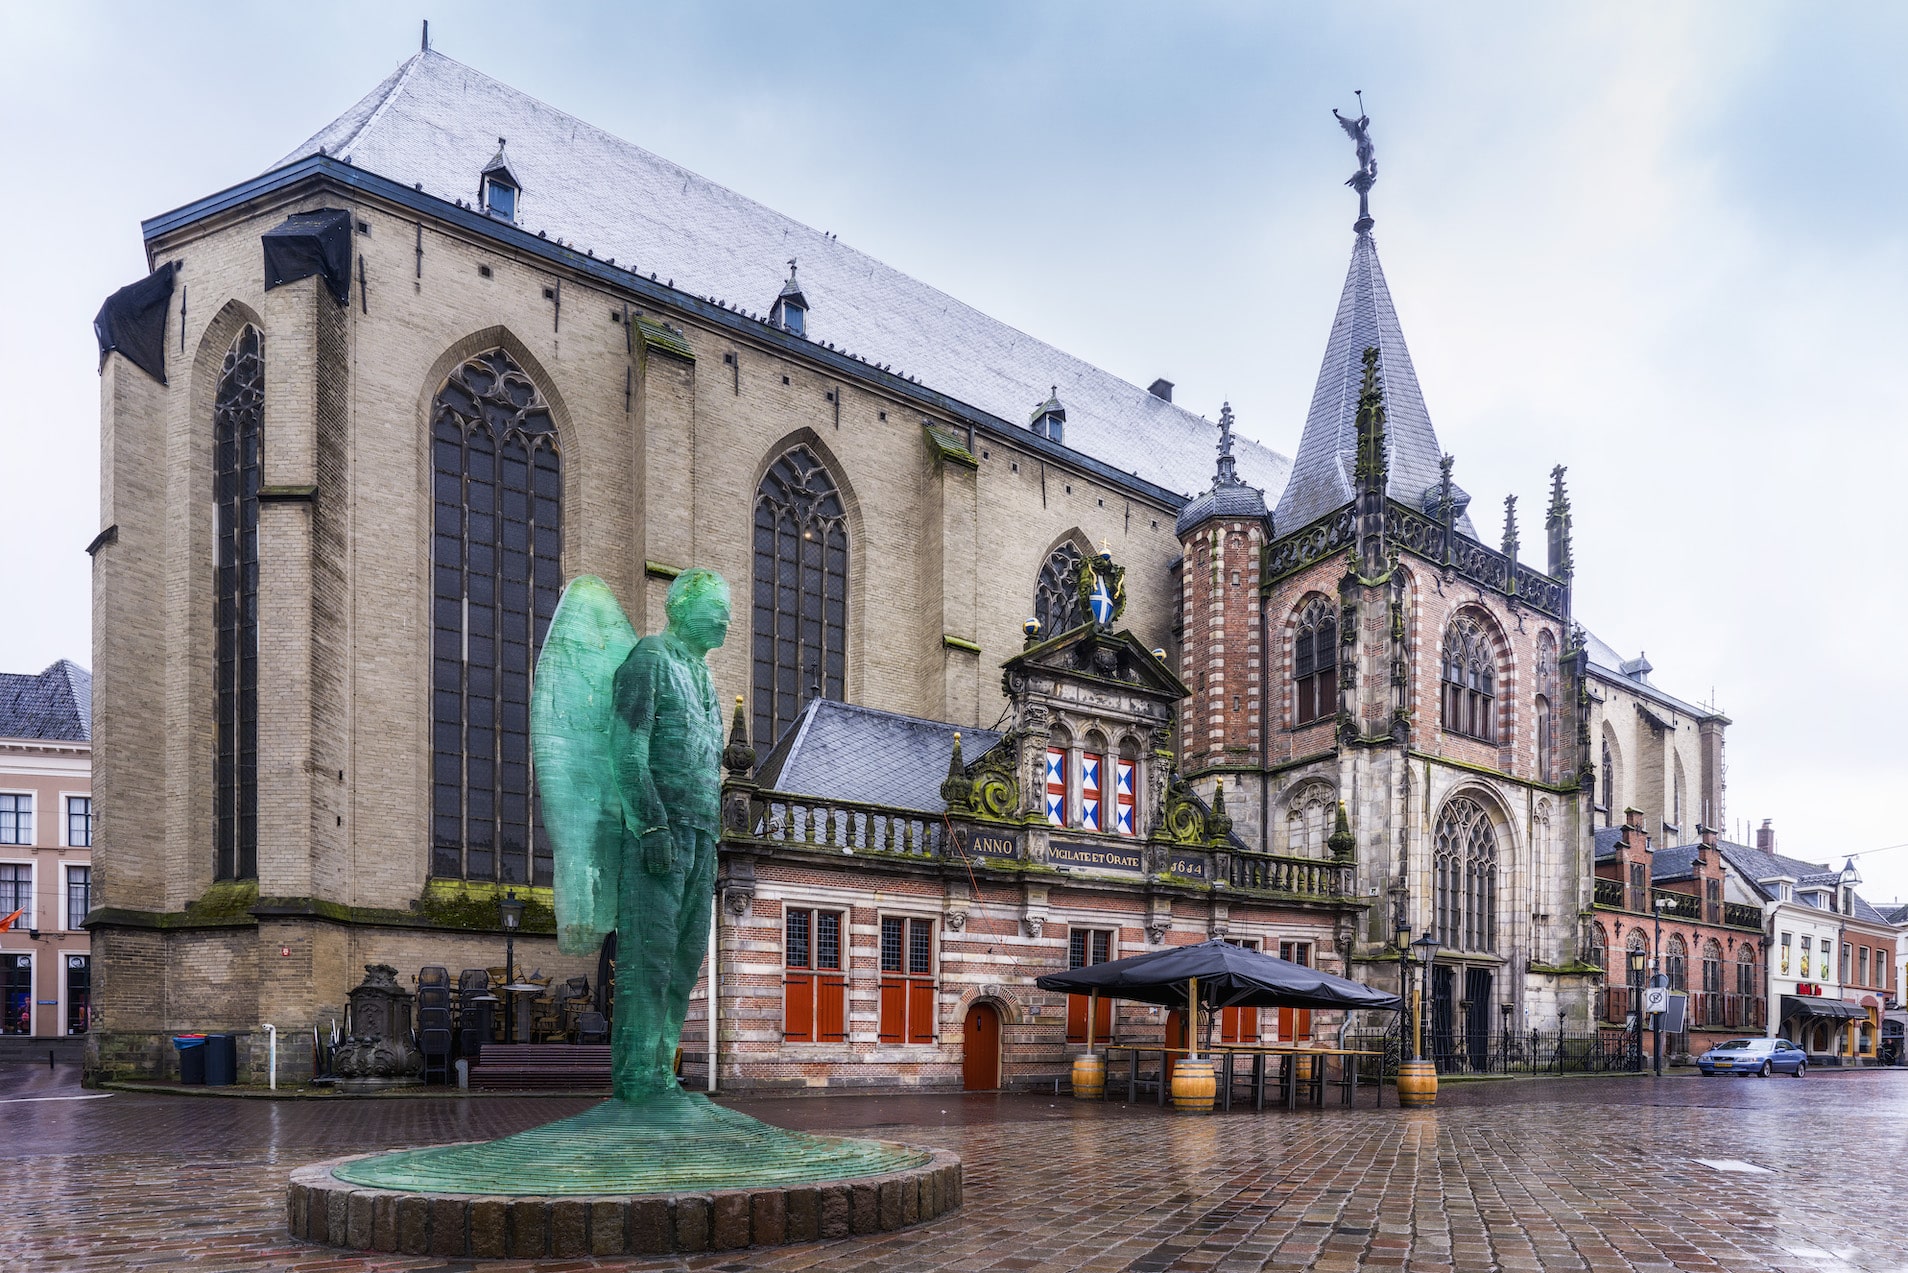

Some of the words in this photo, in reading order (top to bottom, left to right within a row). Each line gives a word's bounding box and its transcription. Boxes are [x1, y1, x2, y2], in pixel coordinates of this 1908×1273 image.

[973, 837, 1013, 855] ANNO
[1048, 847, 1091, 862] VIGILATE
[1092, 853, 1105, 864] ET
[1106, 853, 1139, 867] ORATE
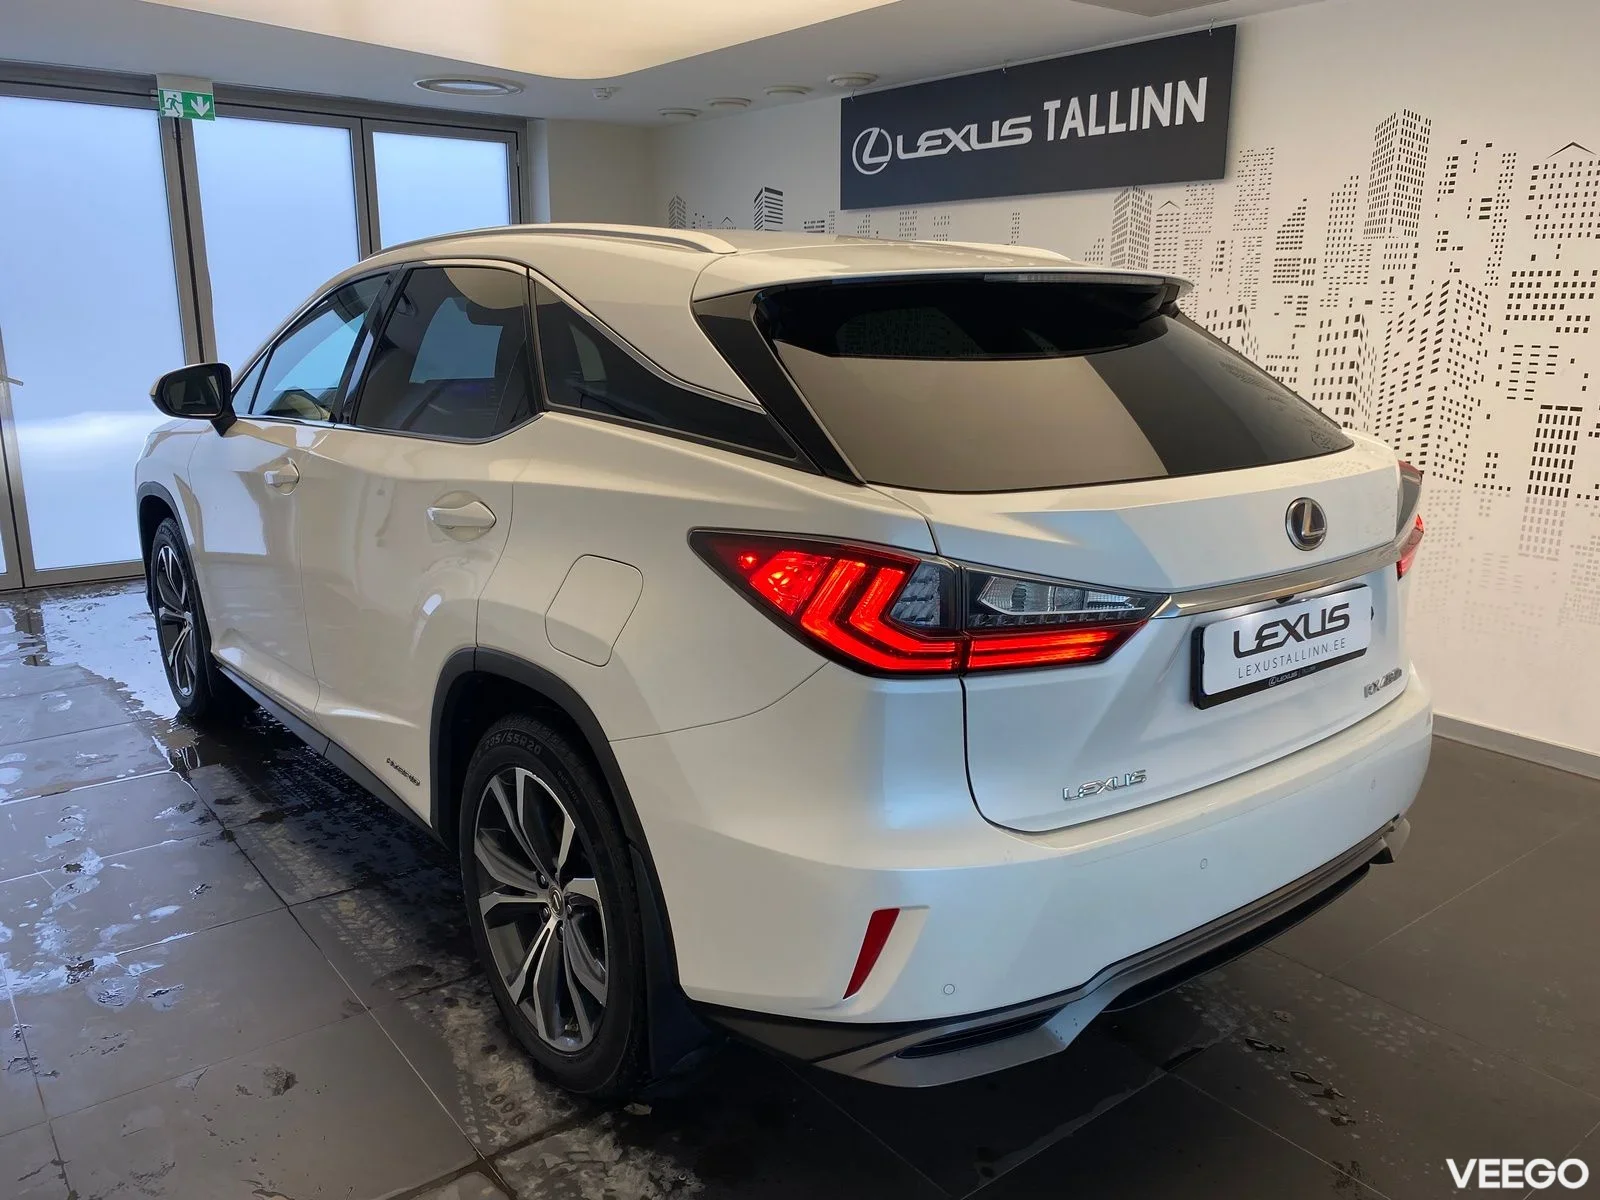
══════════════════════════════
[Assignment]: Output the whole of the data, unchanged; keep the pictures out.

[Answer below]:
Some of the words in this photo, in reading order (top to bottom, left to right within a row). Each line gives a word's bounding box and its transcription. Boxes are [x1, y1, x2, y2], in pixel coordinates of this 1908×1273 image.

[973, 837, 1013, 855] ANNO
[1048, 847, 1091, 862] VIGILATE
[1092, 853, 1105, 864] ET
[1106, 853, 1139, 867] ORATE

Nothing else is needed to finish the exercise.